= Beginning of Section =

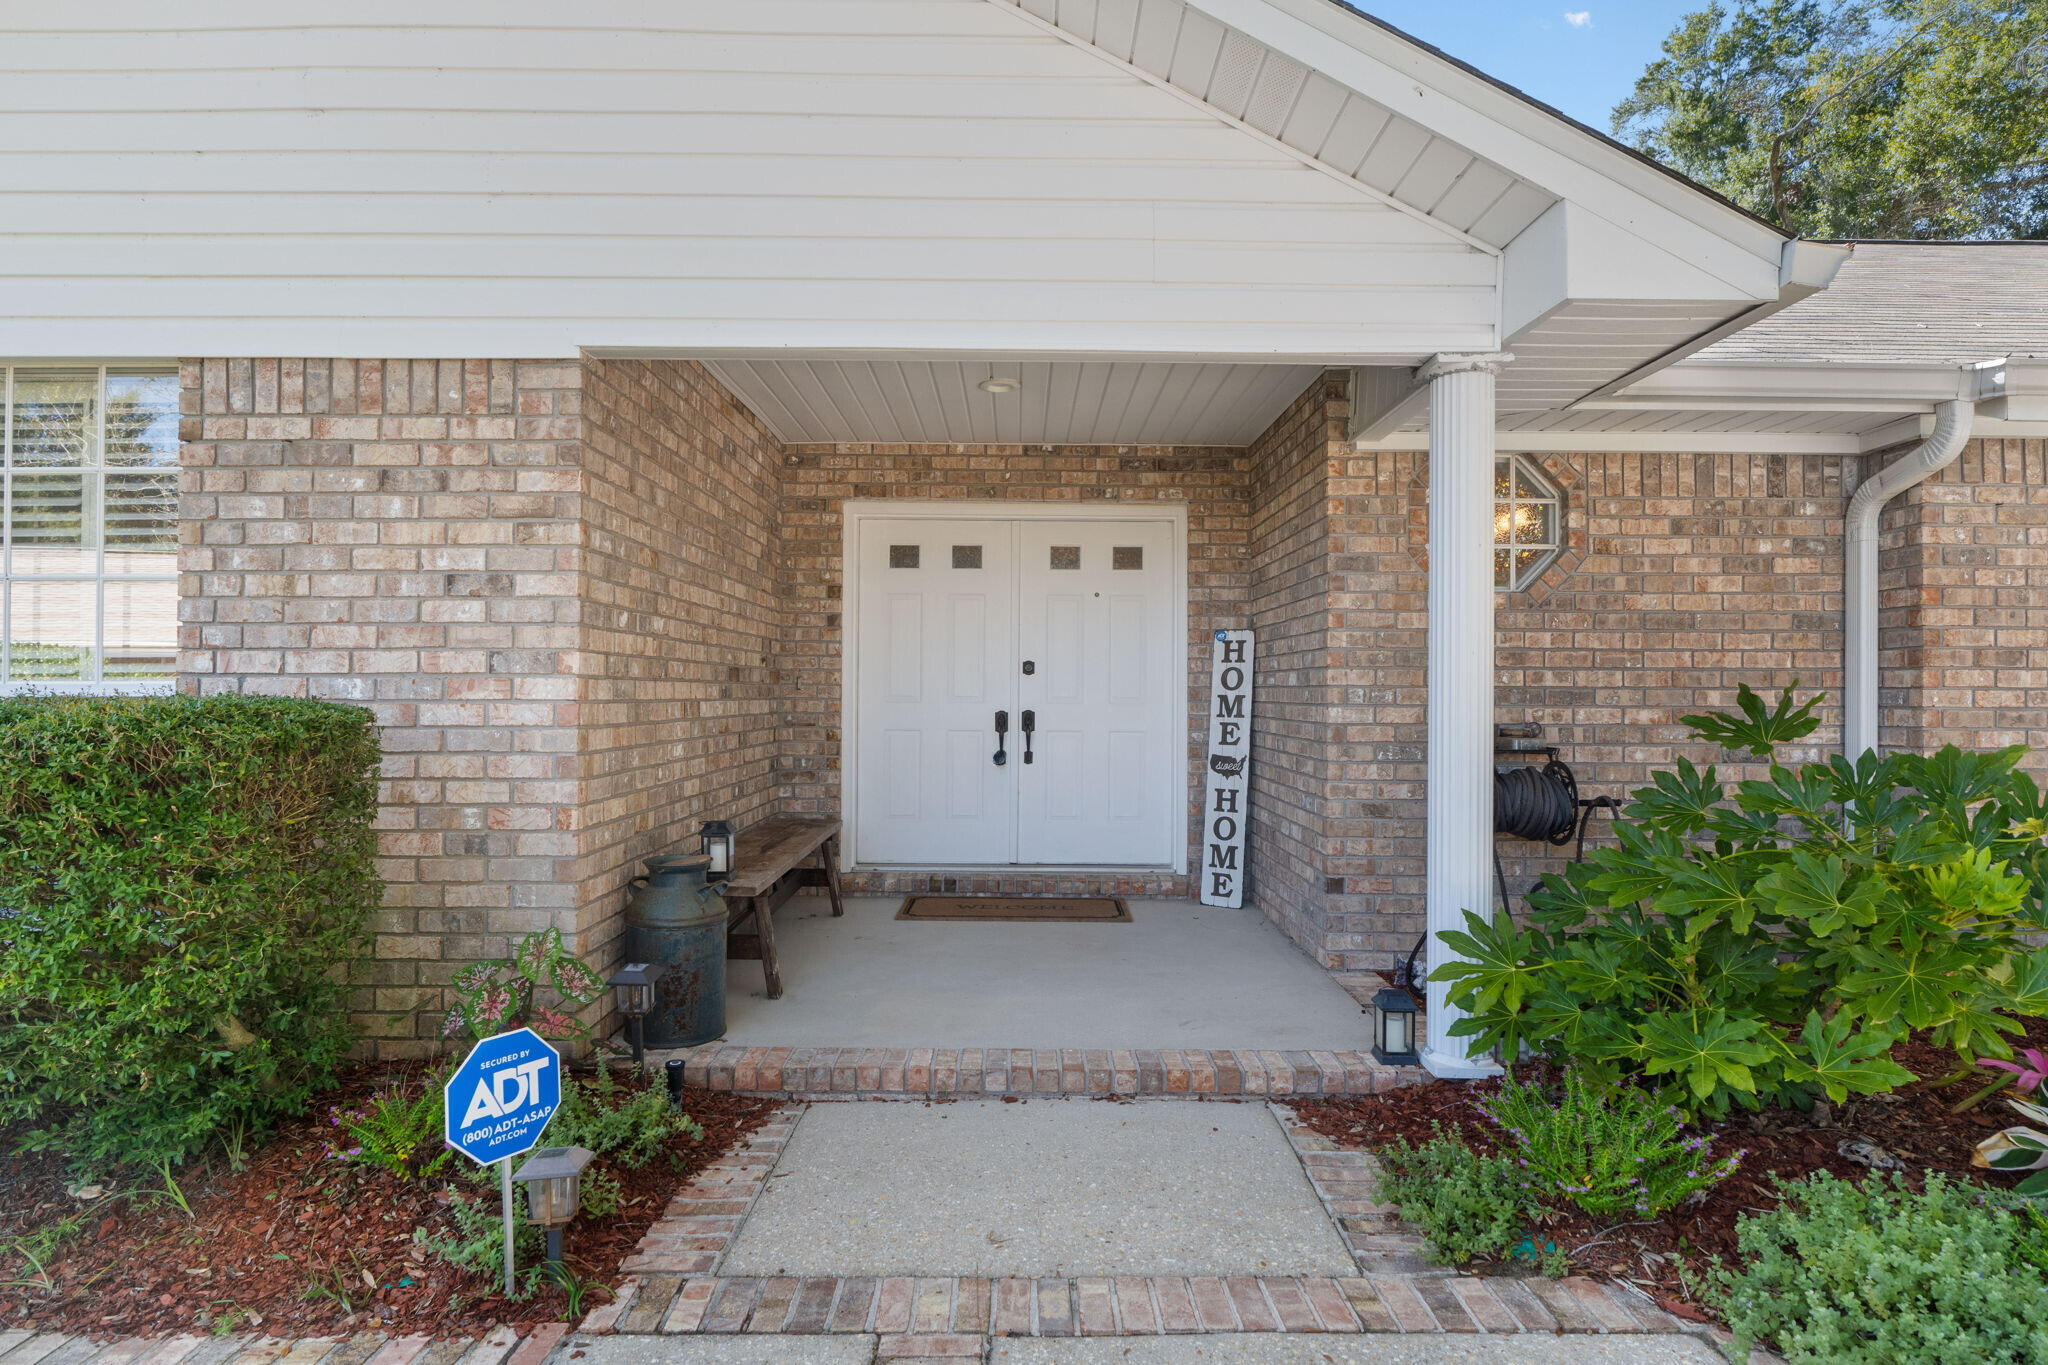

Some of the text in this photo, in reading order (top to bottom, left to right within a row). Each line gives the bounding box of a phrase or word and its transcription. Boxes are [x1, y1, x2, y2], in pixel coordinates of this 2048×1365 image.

[1216, 639, 1247, 746] HOME
[1208, 788, 1239, 898] HOME
[956, 903, 1081, 911] WELCOME
[480, 1049, 530, 1070] SECURED BY
[460, 1056, 549, 1129] ADT
[462, 1106, 552, 1146] (800) ADT-ASAP
[489, 1127, 528, 1147] ADT.COM
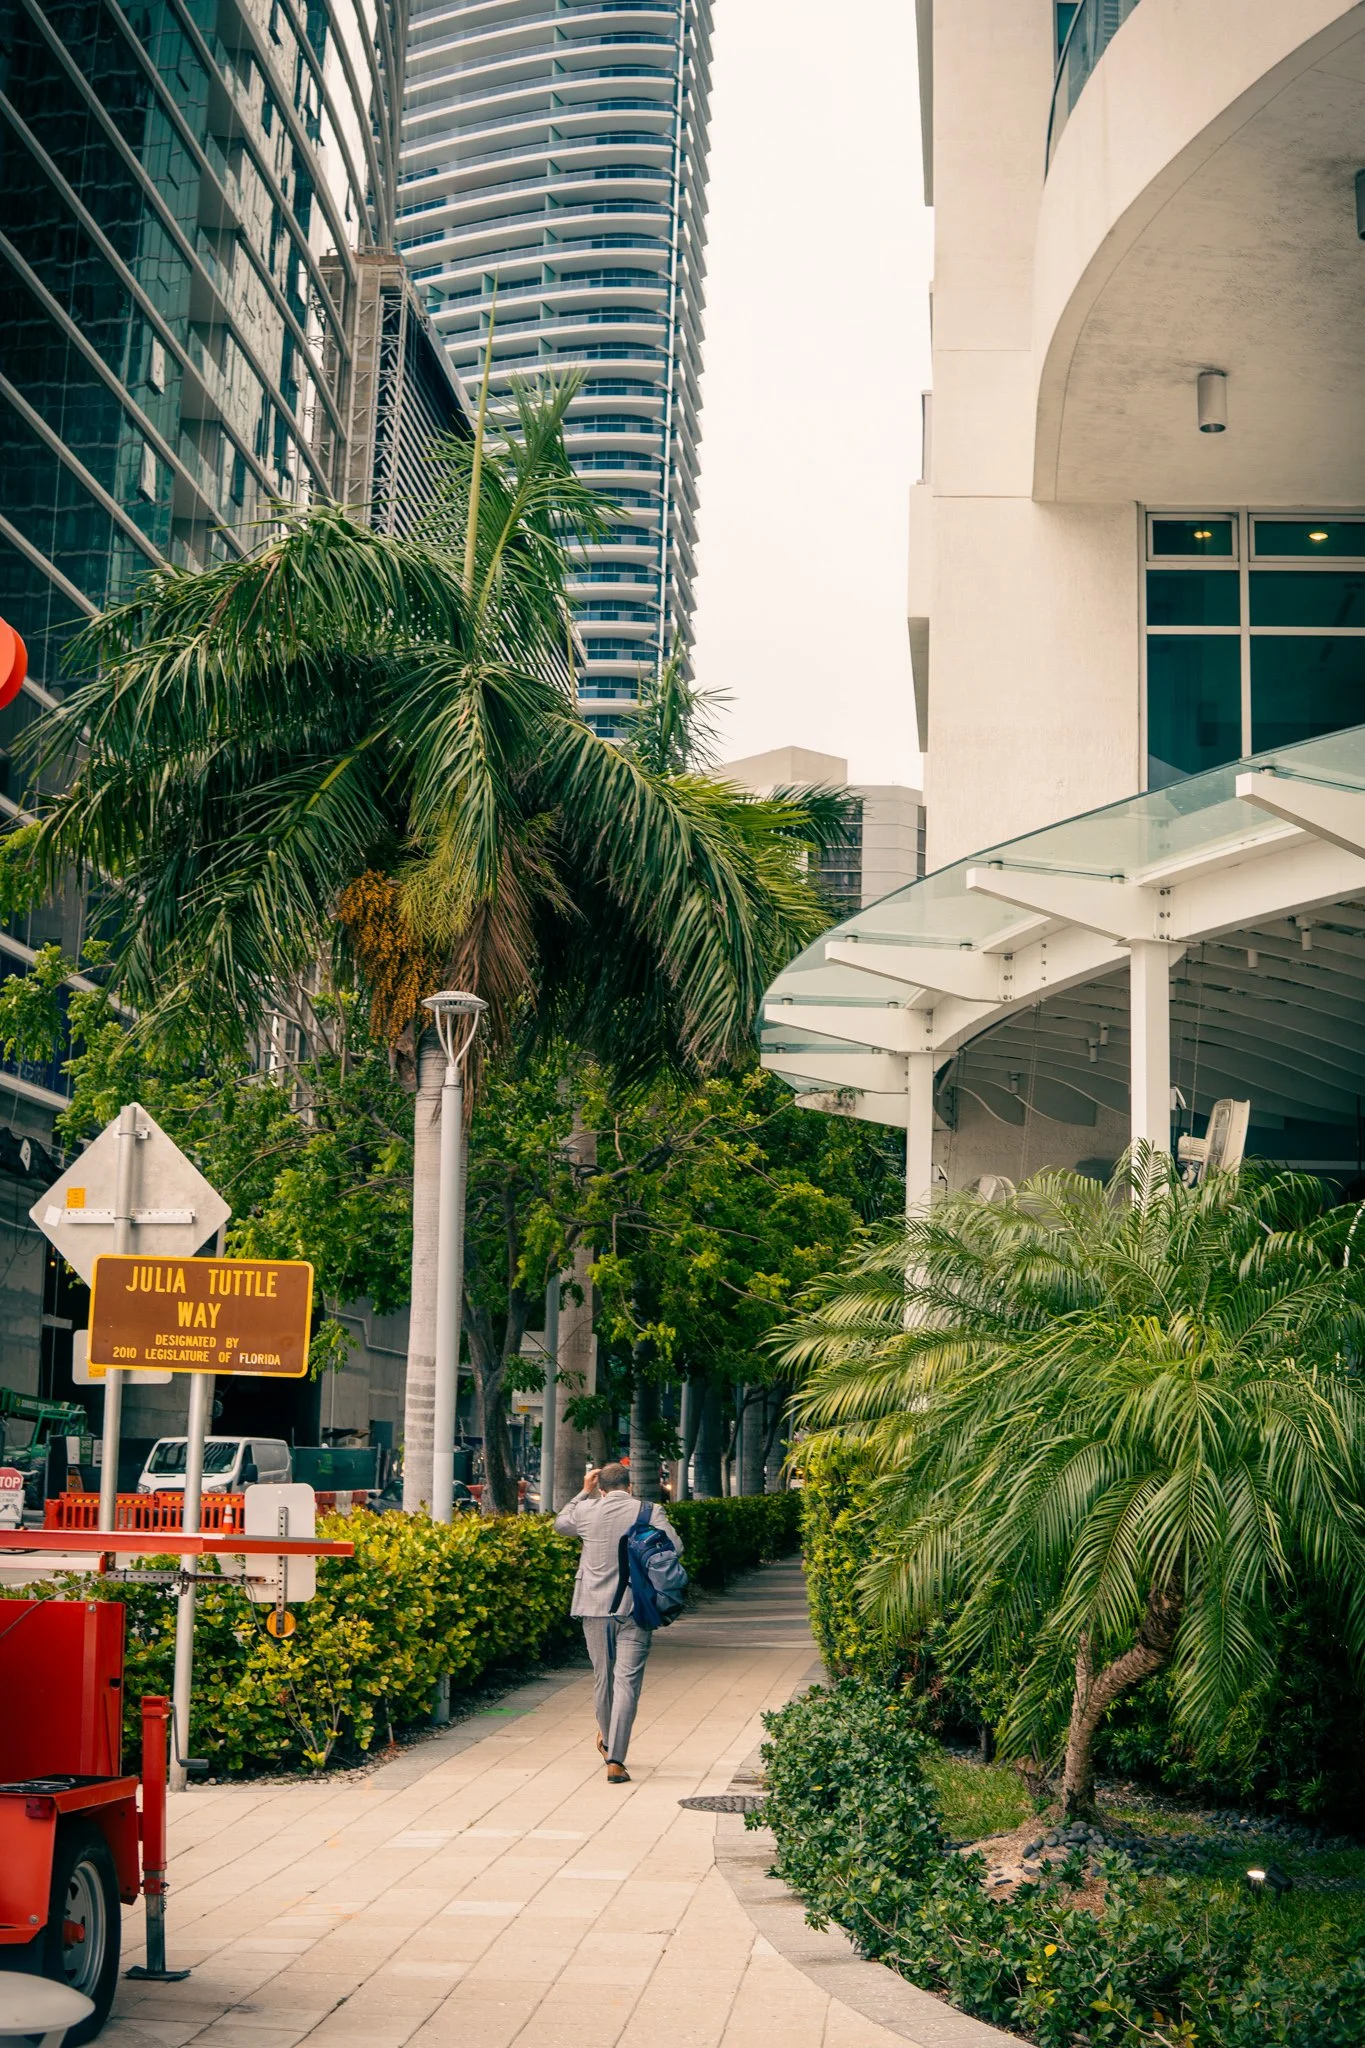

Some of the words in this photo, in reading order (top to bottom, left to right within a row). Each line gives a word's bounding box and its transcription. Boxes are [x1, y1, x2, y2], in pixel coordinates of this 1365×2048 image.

[125, 1265, 186, 1294] JULIA
[208, 1268, 279, 1298] TUTTLE
[177, 1301, 222, 1329] WAY
[155, 1334, 217, 1348] DESIGNATED
[225, 1337, 240, 1349] BY
[112, 1346, 137, 1359] 2010
[144, 1348, 210, 1363] LEGISLATURE
[218, 1351, 232, 1363] OF
[239, 1352, 281, 1366] FLORIDA
[0, 1476, 21, 1488] TOP

= End of Section =

_EXERCISE AIM_
Give the entries above again word for word, without the pictures.

_SOLUTION_
Some of the text in this photo, in reading order (top to bottom, left to right within a row). Each line gives the bounding box of a phrase or word and its transcription. Boxes are [x1, y1, x2, y2], in pixel coordinates of this 2048×1365 image.

[1216, 639, 1247, 746] HOME
[1208, 788, 1239, 898] HOME
[956, 903, 1081, 911] WELCOME
[480, 1049, 530, 1070] SECURED BY
[460, 1056, 549, 1129] ADT
[462, 1106, 552, 1146] (800) ADT-ASAP
[489, 1127, 528, 1147] ADT.COM

Some of the words in this photo, in reading order (top to bottom, left to right within a row). Each line gives a word's bounding box and its transcription. Boxes are [x1, y1, x2, y2], in pixel coordinates of this 1365×2048 image.

[125, 1265, 186, 1294] JULIA
[208, 1268, 279, 1298] TUTTLE
[177, 1301, 222, 1329] WAY
[155, 1334, 217, 1348] DESIGNATED
[225, 1337, 240, 1349] BY
[112, 1346, 137, 1359] 2010
[144, 1348, 210, 1363] LEGISLATURE
[218, 1351, 232, 1363] OF
[239, 1352, 281, 1366] FLORIDA
[0, 1476, 21, 1488] TOP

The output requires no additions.